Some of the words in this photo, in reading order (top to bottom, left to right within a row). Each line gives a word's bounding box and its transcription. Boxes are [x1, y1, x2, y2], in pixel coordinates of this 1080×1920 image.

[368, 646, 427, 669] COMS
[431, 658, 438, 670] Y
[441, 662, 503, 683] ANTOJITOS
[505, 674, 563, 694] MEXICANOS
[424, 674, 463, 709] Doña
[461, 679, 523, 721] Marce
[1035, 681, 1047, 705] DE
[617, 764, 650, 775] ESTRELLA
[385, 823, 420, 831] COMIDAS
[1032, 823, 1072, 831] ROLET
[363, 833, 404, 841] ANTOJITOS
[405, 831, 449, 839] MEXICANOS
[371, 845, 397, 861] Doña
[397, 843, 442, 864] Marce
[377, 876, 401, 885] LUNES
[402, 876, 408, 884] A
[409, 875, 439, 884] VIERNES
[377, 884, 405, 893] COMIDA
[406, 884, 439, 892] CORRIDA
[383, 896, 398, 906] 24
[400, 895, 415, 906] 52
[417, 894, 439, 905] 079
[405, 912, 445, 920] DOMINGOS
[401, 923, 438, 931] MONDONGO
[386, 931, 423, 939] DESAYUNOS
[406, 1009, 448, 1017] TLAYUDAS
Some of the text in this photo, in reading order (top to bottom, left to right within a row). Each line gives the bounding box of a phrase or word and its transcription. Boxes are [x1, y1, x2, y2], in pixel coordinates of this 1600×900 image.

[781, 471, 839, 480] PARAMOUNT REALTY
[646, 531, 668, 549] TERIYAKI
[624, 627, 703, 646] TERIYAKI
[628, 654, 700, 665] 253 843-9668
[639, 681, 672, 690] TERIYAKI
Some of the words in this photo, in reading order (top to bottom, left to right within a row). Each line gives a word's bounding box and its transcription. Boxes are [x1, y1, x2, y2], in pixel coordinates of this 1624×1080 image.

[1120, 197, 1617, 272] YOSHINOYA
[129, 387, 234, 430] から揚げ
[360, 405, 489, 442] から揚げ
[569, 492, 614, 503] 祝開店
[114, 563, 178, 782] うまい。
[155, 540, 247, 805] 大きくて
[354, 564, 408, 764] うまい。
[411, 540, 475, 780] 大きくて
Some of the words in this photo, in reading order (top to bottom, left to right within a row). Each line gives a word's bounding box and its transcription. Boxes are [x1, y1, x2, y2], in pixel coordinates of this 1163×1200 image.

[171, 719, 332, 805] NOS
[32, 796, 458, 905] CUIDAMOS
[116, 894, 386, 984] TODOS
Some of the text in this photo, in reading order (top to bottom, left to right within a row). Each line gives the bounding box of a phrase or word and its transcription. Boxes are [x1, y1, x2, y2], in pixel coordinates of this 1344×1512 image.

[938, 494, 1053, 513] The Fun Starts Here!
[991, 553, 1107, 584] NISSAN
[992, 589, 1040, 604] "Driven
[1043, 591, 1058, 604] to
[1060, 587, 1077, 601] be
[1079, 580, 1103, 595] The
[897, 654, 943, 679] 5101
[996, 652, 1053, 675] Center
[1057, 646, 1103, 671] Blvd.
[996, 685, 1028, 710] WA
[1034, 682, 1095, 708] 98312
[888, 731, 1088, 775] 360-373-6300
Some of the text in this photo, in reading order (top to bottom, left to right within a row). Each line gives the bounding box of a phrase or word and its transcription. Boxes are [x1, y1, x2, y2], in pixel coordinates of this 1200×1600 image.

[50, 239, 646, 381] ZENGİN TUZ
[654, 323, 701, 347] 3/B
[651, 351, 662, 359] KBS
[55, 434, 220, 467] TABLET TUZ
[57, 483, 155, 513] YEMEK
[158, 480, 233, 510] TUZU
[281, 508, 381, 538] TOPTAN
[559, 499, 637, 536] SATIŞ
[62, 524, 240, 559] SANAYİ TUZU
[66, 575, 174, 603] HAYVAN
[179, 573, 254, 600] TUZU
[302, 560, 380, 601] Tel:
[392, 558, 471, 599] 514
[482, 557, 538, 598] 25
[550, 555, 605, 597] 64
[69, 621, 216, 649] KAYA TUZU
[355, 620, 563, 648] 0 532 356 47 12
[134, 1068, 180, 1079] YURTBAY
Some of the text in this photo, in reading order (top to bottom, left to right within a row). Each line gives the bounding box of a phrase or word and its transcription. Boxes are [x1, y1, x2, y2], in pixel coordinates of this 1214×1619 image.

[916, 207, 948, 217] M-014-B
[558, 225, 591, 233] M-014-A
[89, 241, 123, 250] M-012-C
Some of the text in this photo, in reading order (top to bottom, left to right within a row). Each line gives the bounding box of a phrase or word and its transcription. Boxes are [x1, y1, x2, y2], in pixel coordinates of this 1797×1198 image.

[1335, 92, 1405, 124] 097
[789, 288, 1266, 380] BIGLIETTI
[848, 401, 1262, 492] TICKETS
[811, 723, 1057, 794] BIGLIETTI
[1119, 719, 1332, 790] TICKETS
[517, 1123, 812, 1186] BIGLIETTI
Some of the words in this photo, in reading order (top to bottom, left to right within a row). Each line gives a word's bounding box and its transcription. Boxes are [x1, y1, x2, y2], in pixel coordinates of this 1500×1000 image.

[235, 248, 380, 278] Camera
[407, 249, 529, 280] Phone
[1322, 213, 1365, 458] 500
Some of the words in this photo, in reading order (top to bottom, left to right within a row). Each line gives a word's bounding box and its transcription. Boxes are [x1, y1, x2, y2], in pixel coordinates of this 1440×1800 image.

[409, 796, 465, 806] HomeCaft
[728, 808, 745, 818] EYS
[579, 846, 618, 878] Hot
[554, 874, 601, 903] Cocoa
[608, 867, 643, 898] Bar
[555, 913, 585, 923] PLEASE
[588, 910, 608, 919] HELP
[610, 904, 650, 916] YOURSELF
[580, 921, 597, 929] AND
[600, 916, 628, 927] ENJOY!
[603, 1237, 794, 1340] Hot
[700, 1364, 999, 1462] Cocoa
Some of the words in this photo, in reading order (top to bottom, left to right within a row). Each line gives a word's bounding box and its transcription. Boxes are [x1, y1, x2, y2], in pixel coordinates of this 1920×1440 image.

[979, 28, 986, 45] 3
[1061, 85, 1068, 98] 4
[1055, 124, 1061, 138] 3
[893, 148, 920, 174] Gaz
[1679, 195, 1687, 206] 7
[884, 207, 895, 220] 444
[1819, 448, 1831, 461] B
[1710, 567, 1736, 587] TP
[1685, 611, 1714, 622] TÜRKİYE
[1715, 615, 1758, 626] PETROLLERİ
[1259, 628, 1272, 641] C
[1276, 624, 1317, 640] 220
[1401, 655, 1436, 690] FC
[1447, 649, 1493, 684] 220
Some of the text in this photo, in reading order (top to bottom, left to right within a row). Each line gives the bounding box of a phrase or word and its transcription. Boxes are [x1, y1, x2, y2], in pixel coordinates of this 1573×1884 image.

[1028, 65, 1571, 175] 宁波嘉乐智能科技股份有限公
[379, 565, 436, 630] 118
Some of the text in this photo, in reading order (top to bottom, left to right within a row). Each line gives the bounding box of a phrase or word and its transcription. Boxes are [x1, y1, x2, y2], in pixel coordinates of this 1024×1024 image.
•••••
• [EXERCISE REQUIREMENTS] Each line of the data is to be transcribed exactly.

• [TASK ANSWER]
Some of the words in this photo, in reading order (top to bottom, left to right within a row). Each line gives a word's bounding box and its transcription. Boxes are [x1, y1, x2, y2], in pixel coordinates of this 1080×1920 image.

[368, 646, 427, 669] COMS
[431, 658, 438, 670] Y
[441, 662, 503, 683] ANTOJITOS
[505, 674, 563, 694] MEXICANOS
[424, 674, 463, 709] Doña
[461, 679, 523, 721] Marce
[1035, 681, 1047, 705] DE
[617, 764, 650, 775] ESTRELLA
[385, 823, 420, 831] COMIDAS
[1032, 823, 1072, 831] ROLET
[363, 833, 404, 841] ANTOJITOS
[405, 831, 449, 839] MEXICANOS
[371, 845, 397, 861] Doña
[397, 843, 442, 864] Marce
[377, 876, 401, 885] LUNES
[402, 876, 408, 884] A
[409, 875, 439, 884] VIERNES
[377, 884, 405, 893] COMIDA
[406, 884, 439, 892] CORRIDA
[383, 896, 398, 906] 24
[400, 895, 415, 906] 52
[417, 894, 439, 905] 079
[405, 912, 445, 920] DOMINGOS
[401, 923, 438, 931] MONDONGO
[386, 931, 423, 939] DESAYUNOS
[406, 1009, 448, 1017] TLAYUDAS
Some of the text in this photo, in reading order (top to bottom, left to right within a row). Each line gives the bounding box of a phrase or word and its transcription. Boxes are [x1, y1, x2, y2], in pixel coordinates of this 1600×900 image.

[781, 471, 839, 480] PARAMOUNT REALTY
[646, 531, 668, 549] TERIYAKI
[624, 627, 703, 646] TERIYAKI
[628, 654, 700, 665] 253 843-9668
[639, 681, 672, 690] TERIYAKI
Some of the words in this photo, in reading order (top to bottom, left to right within a row). Each line gives a word's bounding box and its transcription. Boxes are [x1, y1, x2, y2], in pixel coordinates of this 1624×1080 image.

[1120, 197, 1617, 272] YOSHINOYA
[129, 387, 234, 430] から揚げ
[360, 405, 489, 442] から揚げ
[569, 492, 614, 503] 祝開店
[114, 563, 178, 782] うまい。
[155, 540, 247, 805] 大きくて
[354, 564, 408, 764] うまい。
[411, 540, 475, 780] 大きくて
Some of the words in this photo, in reading order (top to bottom, left to right within a row). Each line gives a word's bounding box and its transcription. Boxes are [x1, y1, x2, y2], in pixel coordinates of this 1163×1200 image.

[171, 719, 332, 805] NOS
[32, 796, 458, 905] CUIDAMOS
[116, 894, 386, 984] TODOS
Some of the text in this photo, in reading order (top to bottom, left to right within a row). Each line gives the bounding box of a phrase or word and its transcription. Boxes are [x1, y1, x2, y2], in pixel coordinates of this 1344×1512 image.

[938, 494, 1053, 513] The Fun Starts Here!
[991, 553, 1107, 584] NISSAN
[992, 589, 1040, 604] "Driven
[1043, 591, 1058, 604] to
[1060, 587, 1077, 601] be
[1079, 580, 1103, 595] The
[897, 654, 943, 679] 5101
[996, 652, 1053, 675] Center
[1057, 646, 1103, 671] Blvd.
[996, 685, 1028, 710] WA
[1034, 682, 1095, 708] 98312
[888, 731, 1088, 775] 360-373-6300
Some of the text in this photo, in reading order (top to bottom, left to right within a row). Each line gives the bounding box of a phrase or word and its transcription. Boxes are [x1, y1, x2, y2], in pixel coordinates of this 1200×1600 image.

[50, 239, 646, 381] ZENGİN TUZ
[654, 323, 701, 347] 3/B
[651, 351, 662, 359] KBS
[55, 434, 220, 467] TABLET TUZ
[57, 483, 155, 513] YEMEK
[158, 480, 233, 510] TUZU
[281, 508, 381, 538] TOPTAN
[559, 499, 637, 536] SATIŞ
[62, 524, 240, 559] SANAYİ TUZU
[66, 575, 174, 603] HAYVAN
[179, 573, 254, 600] TUZU
[302, 560, 380, 601] Tel:
[392, 558, 471, 599] 514
[482, 557, 538, 598] 25
[550, 555, 605, 597] 64
[69, 621, 216, 649] KAYA TUZU
[355, 620, 563, 648] 0 532 356 47 12
[134, 1068, 180, 1079] YURTBAY
Some of the text in this photo, in reading order (top to bottom, left to right within a row). Each line gives the bounding box of a phrase or word and its transcription. Boxes are [x1, y1, x2, y2], in pixel coordinates of this 1214×1619 image.

[916, 207, 948, 217] M-014-B
[558, 225, 591, 233] M-014-A
[89, 241, 123, 250] M-012-C
Some of the text in this photo, in reading order (top to bottom, left to right within a row). Each line gives the bounding box of a phrase or word and its transcription. Boxes are [x1, y1, x2, y2], in pixel coordinates of this 1797×1198 image.

[1335, 92, 1405, 124] 097
[789, 288, 1266, 380] BIGLIETTI
[848, 401, 1262, 492] TICKETS
[811, 723, 1057, 794] BIGLIETTI
[1119, 719, 1332, 790] TICKETS
[517, 1123, 812, 1186] BIGLIETTI
Some of the words in this photo, in reading order (top to bottom, left to right within a row). Each line gives a word's bounding box and its transcription. Boxes are [x1, y1, x2, y2], in pixel coordinates of this 1500×1000 image.

[235, 248, 380, 278] Camera
[407, 249, 529, 280] Phone
[1322, 213, 1365, 458] 500
Some of the words in this photo, in reading order (top to bottom, left to right within a row). Each line gives a word's bounding box and its transcription. Boxes are [x1, y1, x2, y2], in pixel coordinates of this 1440×1800 image.

[409, 796, 465, 806] HomeCaft
[728, 808, 745, 818] EYS
[579, 846, 618, 878] Hot
[554, 874, 601, 903] Cocoa
[608, 867, 643, 898] Bar
[555, 913, 585, 923] PLEASE
[588, 910, 608, 919] HELP
[610, 904, 650, 916] YOURSELF
[580, 921, 597, 929] AND
[600, 916, 628, 927] ENJOY!
[603, 1237, 794, 1340] Hot
[700, 1364, 999, 1462] Cocoa
Some of the words in this photo, in reading order (top to bottom, left to right within a row). Each line gives a word's bounding box and its transcription. Boxes are [x1, y1, x2, y2], in pixel coordinates of this 1920×1440 image.

[979, 28, 986, 45] 3
[1061, 85, 1068, 98] 4
[1055, 124, 1061, 138] 3
[893, 148, 920, 174] Gaz
[1679, 195, 1687, 206] 7
[884, 207, 895, 220] 444
[1819, 448, 1831, 461] B
[1710, 567, 1736, 587] TP
[1685, 611, 1714, 622] TÜRKİYE
[1715, 615, 1758, 626] PETROLLERİ
[1259, 628, 1272, 641] C
[1276, 624, 1317, 640] 220
[1401, 655, 1436, 690] FC
[1447, 649, 1493, 684] 220
Some of the text in this photo, in reading order (top to bottom, left to right within a row). Each line gives the bounding box of a phrase or word and its transcription. Boxes are [x1, y1, x2, y2], in pixel coordinates of this 1573×1884 image.

[1028, 65, 1571, 175] 宁波嘉乐智能科技股份有限公
[379, 565, 436, 630] 118
Some of the text in this photo, in reading order (top to bottom, left to right within a row). Each line gives the bounding box of a phrase or word and its transcription. Boxes are [x1, y1, x2, y2], in pixel coordinates of this 1024×1024 image.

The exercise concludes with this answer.